1/2 cup finely chopped green or red bell pepper (optional)

10 hamburger buns, heated or toasted.

I double the recipe for my family. It also makes great leftovers for lunches.

Directions

Melt shortening in skillet; add meat and next 4 ingredients; cook until meat loses the red color, stirring occasionally. Drain off the grease using a colander. Return meat to pan and stir in water, Worcestershire sauce and ketchup; allow to simmer and stir occasionally for 15 to 20 minutes or until you have reached the desired thickness.

*This takes between 25-35 minutes to prep and cook.

It’s Friday Night, Do You Know Where My Sanity Is?

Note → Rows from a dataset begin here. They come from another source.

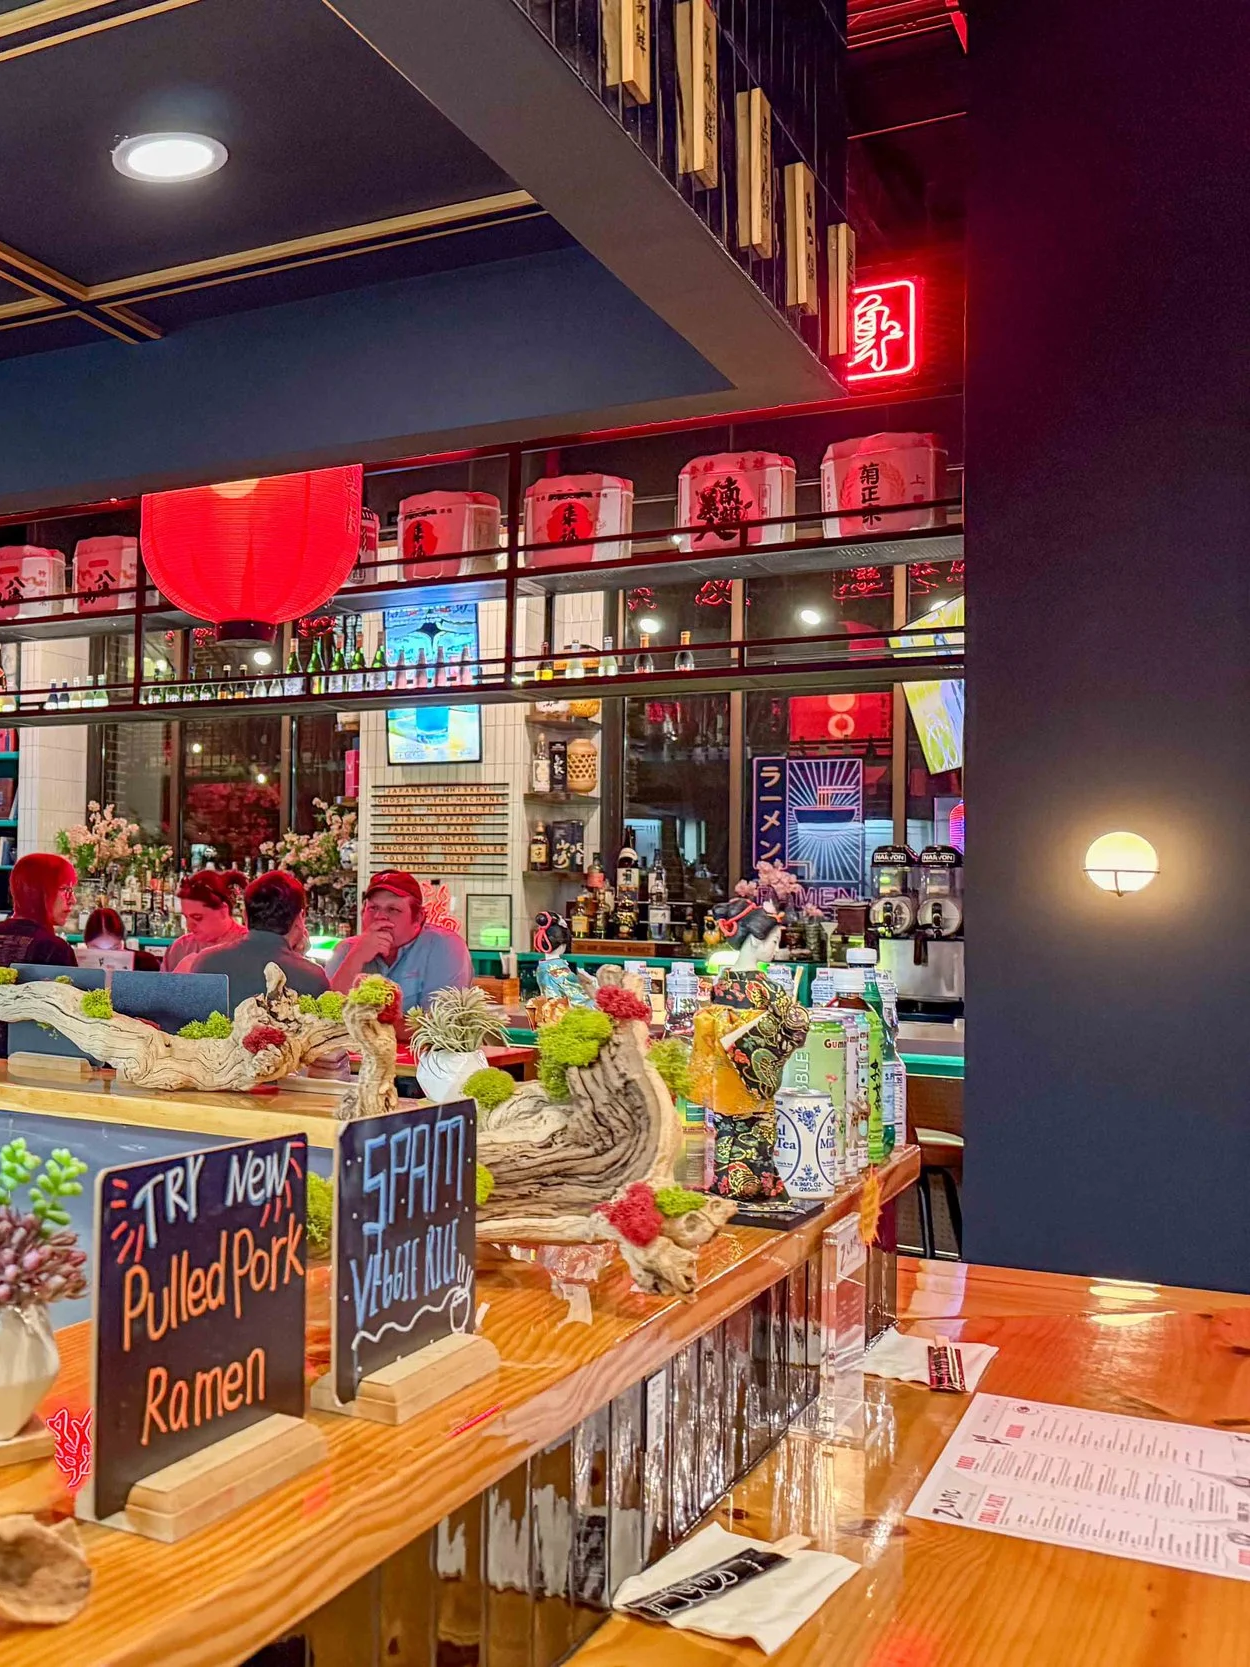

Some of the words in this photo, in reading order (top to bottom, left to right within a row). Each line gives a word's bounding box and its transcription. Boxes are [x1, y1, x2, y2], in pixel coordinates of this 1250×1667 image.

[759, 765, 783, 860] ラーメン
[132, 1154, 204, 1248] TRY
[363, 1115, 464, 1236] SPAM
[124, 1230, 228, 1351] Pulled
[233, 1213, 304, 1319] Pork
[140, 1348, 265, 1445] Ramen
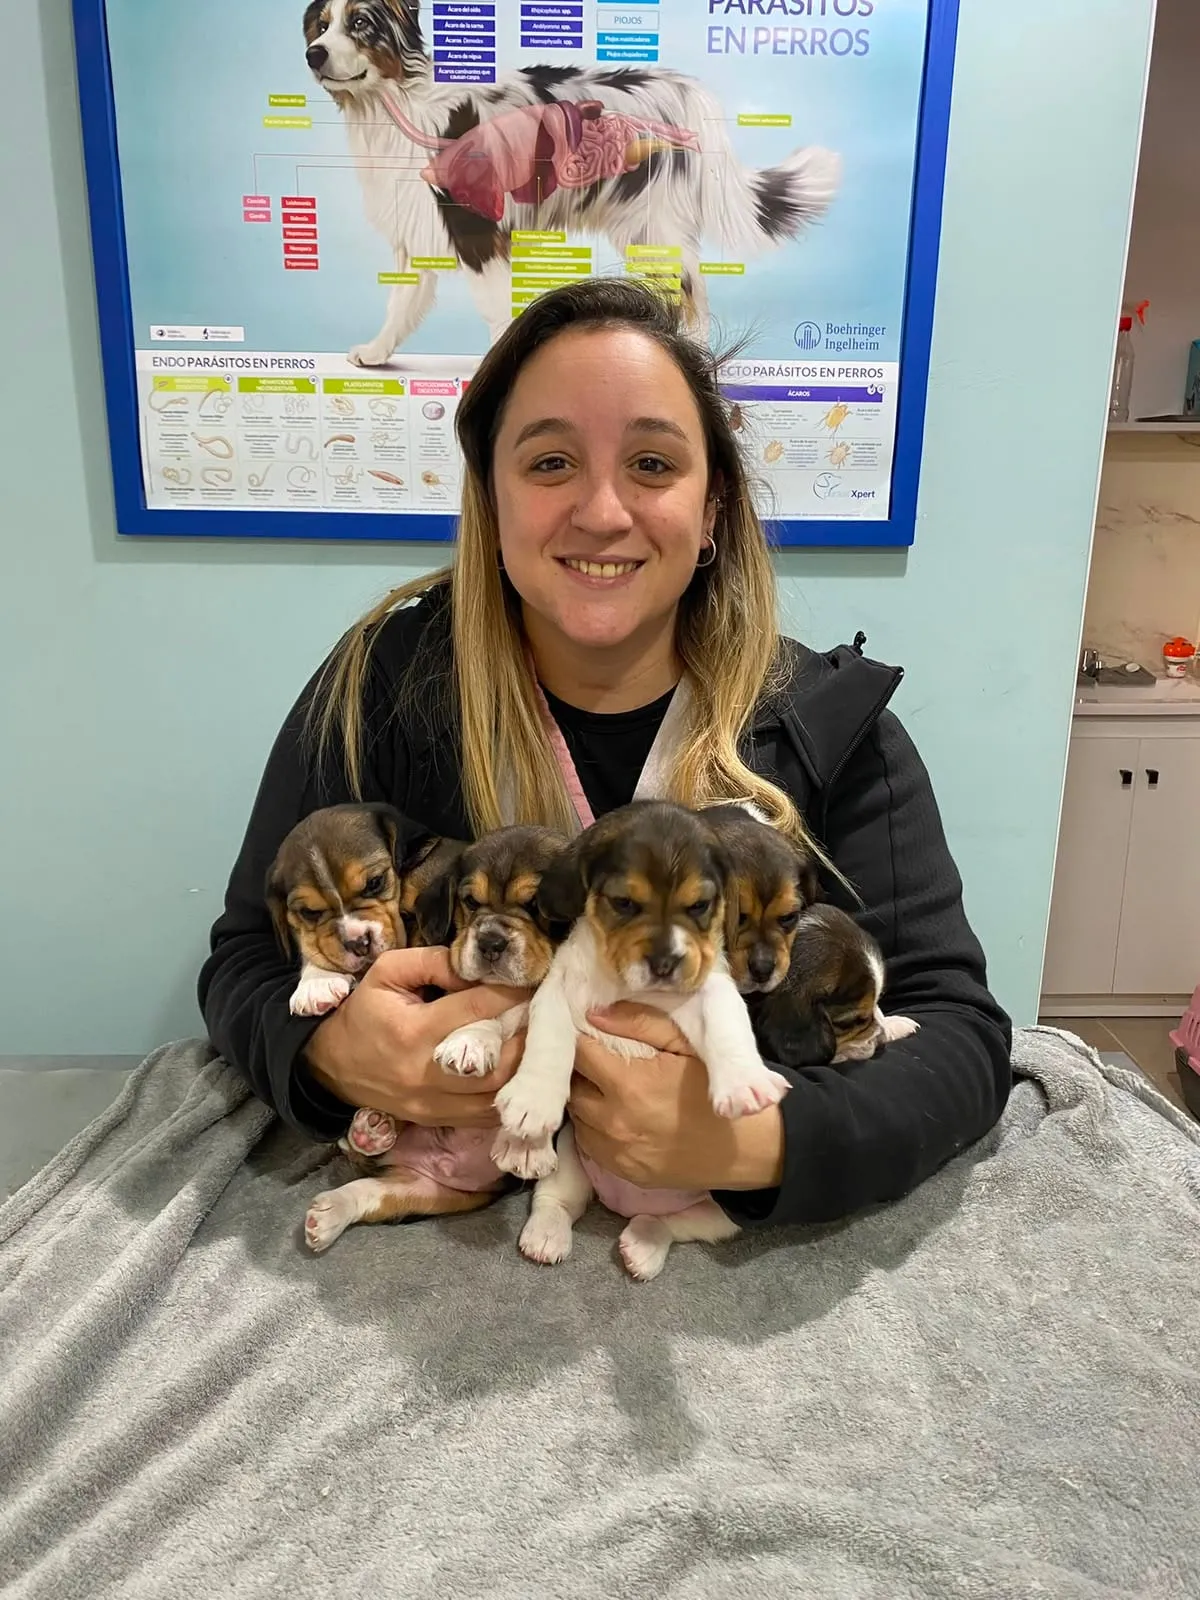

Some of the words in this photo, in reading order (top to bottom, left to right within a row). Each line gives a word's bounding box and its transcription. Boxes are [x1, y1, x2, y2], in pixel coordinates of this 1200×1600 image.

[614, 16, 642, 25] PIOJOS
[707, 25, 746, 54] EN
[753, 26, 870, 57] PERROS
[825, 323, 887, 337] Boehringer
[825, 338, 880, 352] Ingelheim
[253, 358, 268, 369] EN
[270, 358, 315, 370] PERROS
[820, 367, 836, 378] EN
[838, 367, 884, 379] PERROS

My hubby decided to do Valentine’s dinner on Friday since it will be snowing on Valentine’s (which is supposed to last all weekend, which means school will be on a two-hour delay or closed–DARN YOU JACK FROST)!

So, I figure, hey, we are going to my favorite restaurant so it doesn’t matter. We will do some light shopping (putting away clothes for my daughter while they are on sale) and then go to dinner. We’ll be back early enough to put the kids in bed (at least the older one because my toddler is still on “sleep strike”). What could go wrong?

Well…

We didn’t get out of the door as soon as we intended, which almost always happens anyway–I should have seen that coming.

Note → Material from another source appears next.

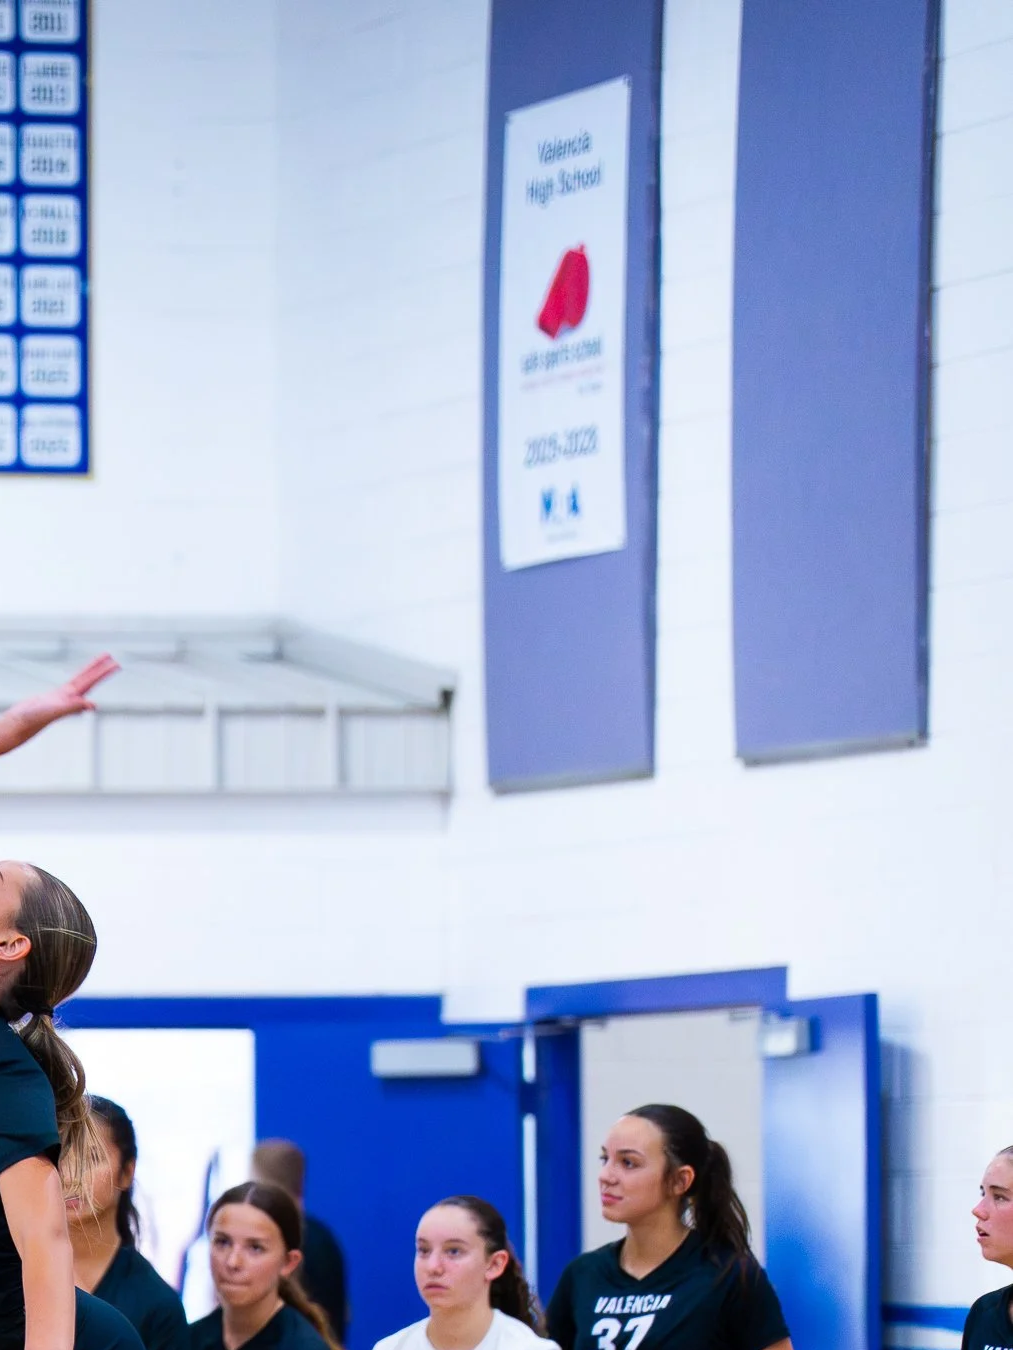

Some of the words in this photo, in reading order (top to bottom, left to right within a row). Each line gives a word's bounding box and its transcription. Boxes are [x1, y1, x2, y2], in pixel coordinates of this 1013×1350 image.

[538, 130, 592, 165] Valencia
[526, 176, 553, 208] High
[557, 162, 601, 196] School
[594, 1294, 672, 1315] VALENCIA

The store was overly crowded, which makes it that much more difficult to navigate a cart AND kids. I had to salvage through the clothing because, as always, when there are items on sale, they hardly EVER have your child’s size.

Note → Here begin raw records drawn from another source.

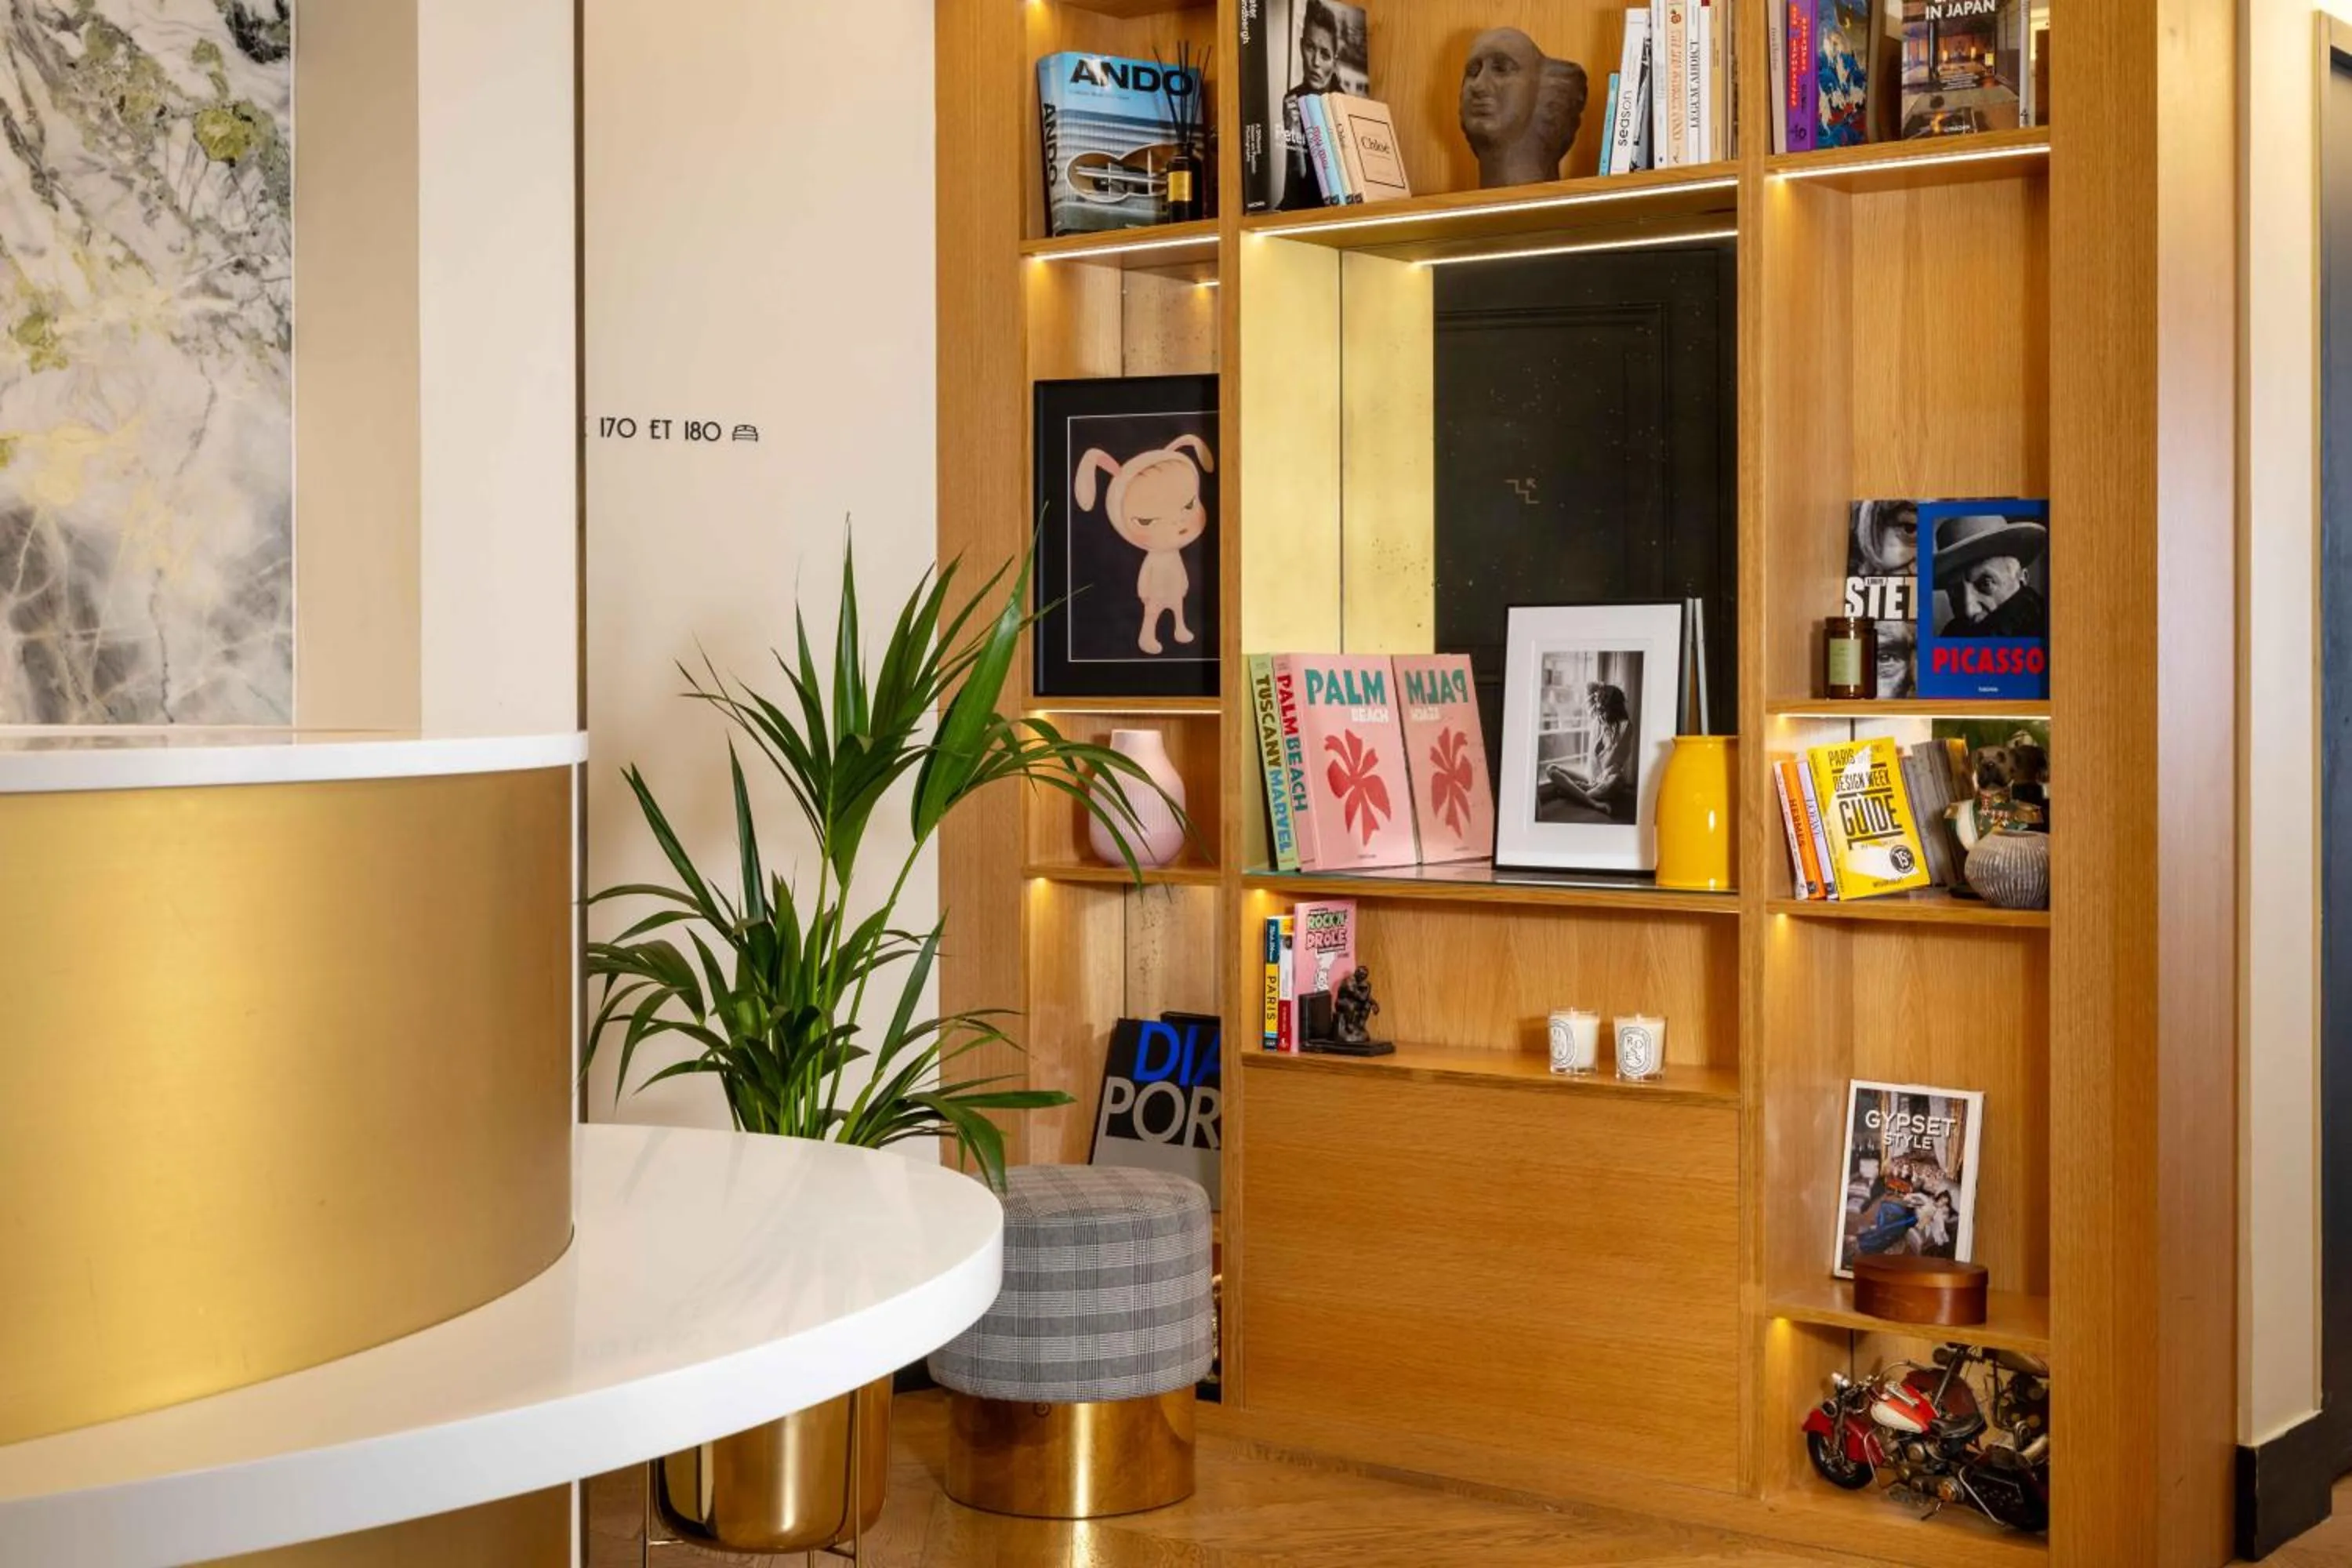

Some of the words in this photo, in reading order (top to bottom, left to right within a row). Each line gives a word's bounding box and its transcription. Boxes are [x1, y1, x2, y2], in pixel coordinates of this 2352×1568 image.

[1925, 5, 1942, 20] IN
[1945, 0, 1995, 18] JAPAN
[1069, 59, 1193, 96] ANDO
[1618, 90, 1632, 147] season
[1044, 103, 1058, 187] ANDO
[600, 417, 637, 438] 170
[650, 419, 672, 440] ET
[684, 421, 721, 441] 180
[1932, 647, 2045, 675] PICASSO
[1276, 673, 1298, 736] PALM
[1305, 669, 1387, 706] PALM
[1256, 674, 1282, 768] TUSCANY
[1269, 768, 1291, 854] MARVEL
[1285, 736, 1308, 811] BEACH
[1828, 748, 1856, 767] PARIS
[1832, 772, 1865, 793] DESIGN
[1867, 768, 1892, 788] WEEK
[1838, 794, 1903, 837] GUIDE
[1266, 975, 1276, 1021] PARIS
[1096, 1075, 1221, 1149] POR
[1864, 1109, 1958, 1138] GYPSET
[1883, 1133, 1934, 1150] STYLE

I get the clothes, other items, and get ready to go. Hubby comes up with daughter. He is in an unpleasant mood because she has been a little monster the entire time she has been in the store. She is almost twelve so I blame it on hormones. God help us all when Auntie Flow pays her a lovely visit. *Cries softly*

I pay for my purchases and head for the door when I realize…

My son’s coat is GONE! He must have flung it out of the cart while I was shopping. So, I go into PANIC MODE thinking someone walked off with it because it is a nice, brown leather jacket. I ask a few people for help. A young male cashier acted as though I was speaking another language so I sought out a woman. Her and another lady aided in my coat retreval. Thank God for honest people. A woman overheard and found the coat. Phew.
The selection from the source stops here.